Recorded data
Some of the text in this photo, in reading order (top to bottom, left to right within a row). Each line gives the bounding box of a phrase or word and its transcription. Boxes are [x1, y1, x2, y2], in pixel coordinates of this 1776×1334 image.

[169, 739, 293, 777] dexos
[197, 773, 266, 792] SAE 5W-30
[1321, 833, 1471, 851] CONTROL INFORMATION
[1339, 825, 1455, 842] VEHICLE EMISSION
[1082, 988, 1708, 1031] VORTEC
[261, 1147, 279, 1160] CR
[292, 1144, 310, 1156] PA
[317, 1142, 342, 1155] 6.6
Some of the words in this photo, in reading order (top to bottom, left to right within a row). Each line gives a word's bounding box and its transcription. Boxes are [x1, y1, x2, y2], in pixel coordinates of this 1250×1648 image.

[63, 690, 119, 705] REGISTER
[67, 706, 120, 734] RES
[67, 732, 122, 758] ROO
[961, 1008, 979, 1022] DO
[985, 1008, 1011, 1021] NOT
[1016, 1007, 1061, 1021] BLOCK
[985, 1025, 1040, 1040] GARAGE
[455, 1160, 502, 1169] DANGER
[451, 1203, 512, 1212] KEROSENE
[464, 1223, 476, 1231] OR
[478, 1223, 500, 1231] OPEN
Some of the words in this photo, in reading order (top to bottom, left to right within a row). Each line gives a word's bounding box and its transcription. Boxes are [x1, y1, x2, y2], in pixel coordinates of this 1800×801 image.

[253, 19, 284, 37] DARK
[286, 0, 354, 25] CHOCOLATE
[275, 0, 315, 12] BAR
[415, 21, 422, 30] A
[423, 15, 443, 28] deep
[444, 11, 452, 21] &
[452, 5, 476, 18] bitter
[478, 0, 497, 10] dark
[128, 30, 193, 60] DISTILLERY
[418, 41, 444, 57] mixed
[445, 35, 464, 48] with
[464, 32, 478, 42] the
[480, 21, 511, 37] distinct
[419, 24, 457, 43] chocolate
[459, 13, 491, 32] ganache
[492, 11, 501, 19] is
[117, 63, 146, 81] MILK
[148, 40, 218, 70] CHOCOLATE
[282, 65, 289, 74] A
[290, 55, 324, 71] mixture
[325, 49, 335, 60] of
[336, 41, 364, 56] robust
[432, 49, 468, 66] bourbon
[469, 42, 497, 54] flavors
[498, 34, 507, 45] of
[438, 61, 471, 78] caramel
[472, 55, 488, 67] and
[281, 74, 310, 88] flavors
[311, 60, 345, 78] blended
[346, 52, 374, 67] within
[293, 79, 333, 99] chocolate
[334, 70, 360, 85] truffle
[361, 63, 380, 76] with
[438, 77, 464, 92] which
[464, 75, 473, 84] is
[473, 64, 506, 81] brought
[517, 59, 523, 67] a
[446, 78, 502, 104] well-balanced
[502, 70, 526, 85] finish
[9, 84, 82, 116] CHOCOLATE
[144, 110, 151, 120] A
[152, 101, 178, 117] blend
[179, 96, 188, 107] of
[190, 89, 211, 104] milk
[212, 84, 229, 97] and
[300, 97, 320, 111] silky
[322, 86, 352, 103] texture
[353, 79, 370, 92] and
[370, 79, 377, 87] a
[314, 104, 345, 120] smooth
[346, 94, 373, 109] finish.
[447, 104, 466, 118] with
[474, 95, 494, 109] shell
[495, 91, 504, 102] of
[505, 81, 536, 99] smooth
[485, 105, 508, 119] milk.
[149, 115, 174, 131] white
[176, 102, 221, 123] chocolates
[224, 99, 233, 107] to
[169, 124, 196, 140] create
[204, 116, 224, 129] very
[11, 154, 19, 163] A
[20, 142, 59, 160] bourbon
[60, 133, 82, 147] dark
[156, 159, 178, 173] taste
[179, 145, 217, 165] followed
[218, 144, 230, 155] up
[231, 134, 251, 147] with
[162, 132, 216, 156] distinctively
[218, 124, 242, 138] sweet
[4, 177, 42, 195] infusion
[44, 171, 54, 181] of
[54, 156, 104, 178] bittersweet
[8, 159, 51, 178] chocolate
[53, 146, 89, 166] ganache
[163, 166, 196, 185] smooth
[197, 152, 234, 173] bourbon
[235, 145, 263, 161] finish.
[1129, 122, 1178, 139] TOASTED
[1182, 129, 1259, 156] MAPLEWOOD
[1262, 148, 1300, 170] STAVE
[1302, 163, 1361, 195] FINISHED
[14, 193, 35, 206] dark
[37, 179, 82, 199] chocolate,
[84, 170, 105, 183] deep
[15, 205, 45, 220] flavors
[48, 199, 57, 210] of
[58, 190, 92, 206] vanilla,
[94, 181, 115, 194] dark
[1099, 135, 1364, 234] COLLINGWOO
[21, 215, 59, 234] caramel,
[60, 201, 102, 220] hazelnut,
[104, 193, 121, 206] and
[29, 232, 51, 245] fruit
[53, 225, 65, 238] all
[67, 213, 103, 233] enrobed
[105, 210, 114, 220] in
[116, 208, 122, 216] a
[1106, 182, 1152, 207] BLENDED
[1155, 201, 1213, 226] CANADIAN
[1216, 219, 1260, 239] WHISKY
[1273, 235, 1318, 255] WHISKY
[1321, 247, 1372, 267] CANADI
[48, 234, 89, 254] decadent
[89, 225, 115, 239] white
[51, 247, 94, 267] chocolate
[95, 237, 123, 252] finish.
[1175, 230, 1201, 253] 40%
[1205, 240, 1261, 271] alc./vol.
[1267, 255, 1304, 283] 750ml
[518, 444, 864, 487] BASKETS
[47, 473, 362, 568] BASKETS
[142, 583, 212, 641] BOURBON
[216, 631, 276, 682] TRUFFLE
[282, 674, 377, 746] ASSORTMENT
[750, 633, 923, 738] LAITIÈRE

Task directions ->
Recopy the entries above exactly, with every line included.

Written solution ->
Some of the text in this photo, in reading order (top to bottom, left to right within a row). Each line gives the bounding box of a phrase or word and its transcription. Boxes are [x1, y1, x2, y2], in pixel coordinates of this 1776×1334 image.

[169, 739, 293, 777] dexos
[197, 773, 266, 792] SAE 5W-30
[1321, 833, 1471, 851] CONTROL INFORMATION
[1339, 825, 1455, 842] VEHICLE EMISSION
[1082, 988, 1708, 1031] VORTEC
[261, 1147, 279, 1160] CR
[292, 1144, 310, 1156] PA
[317, 1142, 342, 1155] 6.6
Some of the words in this photo, in reading order (top to bottom, left to right within a row). Each line gives a word's bounding box and its transcription. Boxes are [x1, y1, x2, y2], in pixel coordinates of this 1250×1648 image.

[63, 690, 119, 705] REGISTER
[67, 706, 120, 734] RES
[67, 732, 122, 758] ROO
[961, 1008, 979, 1022] DO
[985, 1008, 1011, 1021] NOT
[1016, 1007, 1061, 1021] BLOCK
[985, 1025, 1040, 1040] GARAGE
[455, 1160, 502, 1169] DANGER
[451, 1203, 512, 1212] KEROSENE
[464, 1223, 476, 1231] OR
[478, 1223, 500, 1231] OPEN
Some of the words in this photo, in reading order (top to bottom, left to right within a row). Each line gives a word's bounding box and its transcription. Boxes are [x1, y1, x2, y2], in pixel coordinates of this 1800×801 image.

[253, 19, 284, 37] DARK
[286, 0, 354, 25] CHOCOLATE
[275, 0, 315, 12] BAR
[415, 21, 422, 30] A
[423, 15, 443, 28] deep
[444, 11, 452, 21] &
[452, 5, 476, 18] bitter
[478, 0, 497, 10] dark
[128, 30, 193, 60] DISTILLERY
[418, 41, 444, 57] mixed
[445, 35, 464, 48] with
[464, 32, 478, 42] the
[480, 21, 511, 37] distinct
[419, 24, 457, 43] chocolate
[459, 13, 491, 32] ganache
[492, 11, 501, 19] is
[117, 63, 146, 81] MILK
[148, 40, 218, 70] CHOCOLATE
[282, 65, 289, 74] A
[290, 55, 324, 71] mixture
[325, 49, 335, 60] of
[336, 41, 364, 56] robust
[432, 49, 468, 66] bourbon
[469, 42, 497, 54] flavors
[498, 34, 507, 45] of
[438, 61, 471, 78] caramel
[472, 55, 488, 67] and
[281, 74, 310, 88] flavors
[311, 60, 345, 78] blended
[346, 52, 374, 67] within
[293, 79, 333, 99] chocolate
[334, 70, 360, 85] truffle
[361, 63, 380, 76] with
[438, 77, 464, 92] which
[464, 75, 473, 84] is
[473, 64, 506, 81] brought
[517, 59, 523, 67] a
[446, 78, 502, 104] well-balanced
[502, 70, 526, 85] finish
[9, 84, 82, 116] CHOCOLATE
[144, 110, 151, 120] A
[152, 101, 178, 117] blend
[179, 96, 188, 107] of
[190, 89, 211, 104] milk
[212, 84, 229, 97] and
[300, 97, 320, 111] silky
[322, 86, 352, 103] texture
[353, 79, 370, 92] and
[370, 79, 377, 87] a
[314, 104, 345, 120] smooth
[346, 94, 373, 109] finish.
[447, 104, 466, 118] with
[474, 95, 494, 109] shell
[495, 91, 504, 102] of
[505, 81, 536, 99] smooth
[485, 105, 508, 119] milk.
[149, 115, 174, 131] white
[176, 102, 221, 123] chocolates
[224, 99, 233, 107] to
[169, 124, 196, 140] create
[204, 116, 224, 129] very
[11, 154, 19, 163] A
[20, 142, 59, 160] bourbon
[60, 133, 82, 147] dark
[156, 159, 178, 173] taste
[179, 145, 217, 165] followed
[218, 144, 230, 155] up
[231, 134, 251, 147] with
[162, 132, 216, 156] distinctively
[218, 124, 242, 138] sweet
[4, 177, 42, 195] infusion
[44, 171, 54, 181] of
[54, 156, 104, 178] bittersweet
[8, 159, 51, 178] chocolate
[53, 146, 89, 166] ganache
[163, 166, 196, 185] smooth
[197, 152, 234, 173] bourbon
[235, 145, 263, 161] finish.
[1129, 122, 1178, 139] TOASTED
[1182, 129, 1259, 156] MAPLEWOOD
[1262, 148, 1300, 170] STAVE
[1302, 163, 1361, 195] FINISHED
[14, 193, 35, 206] dark
[37, 179, 82, 199] chocolate,
[84, 170, 105, 183] deep
[15, 205, 45, 220] flavors
[48, 199, 57, 210] of
[58, 190, 92, 206] vanilla,
[94, 181, 115, 194] dark
[1099, 135, 1364, 234] COLLINGWOO
[21, 215, 59, 234] caramel,
[60, 201, 102, 220] hazelnut,
[104, 193, 121, 206] and
[29, 232, 51, 245] fruit
[53, 225, 65, 238] all
[67, 213, 103, 233] enrobed
[105, 210, 114, 220] in
[116, 208, 122, 216] a
[1106, 182, 1152, 207] BLENDED
[1155, 201, 1213, 226] CANADIAN
[1216, 219, 1260, 239] WHISKY
[1273, 235, 1318, 255] WHISKY
[1321, 247, 1372, 267] CANADI
[48, 234, 89, 254] decadent
[89, 225, 115, 239] white
[51, 247, 94, 267] chocolate
[95, 237, 123, 252] finish.
[1175, 230, 1201, 253] 40%
[1205, 240, 1261, 271] alc./vol.
[1267, 255, 1304, 283] 750ml
[518, 444, 864, 487] BASKETS
[47, 473, 362, 568] BASKETS
[142, 583, 212, 641] BOURBON
[216, 631, 276, 682] TRUFFLE
[282, 674, 377, 746] ASSORTMENT
[750, 633, 923, 738] LAITIÈRE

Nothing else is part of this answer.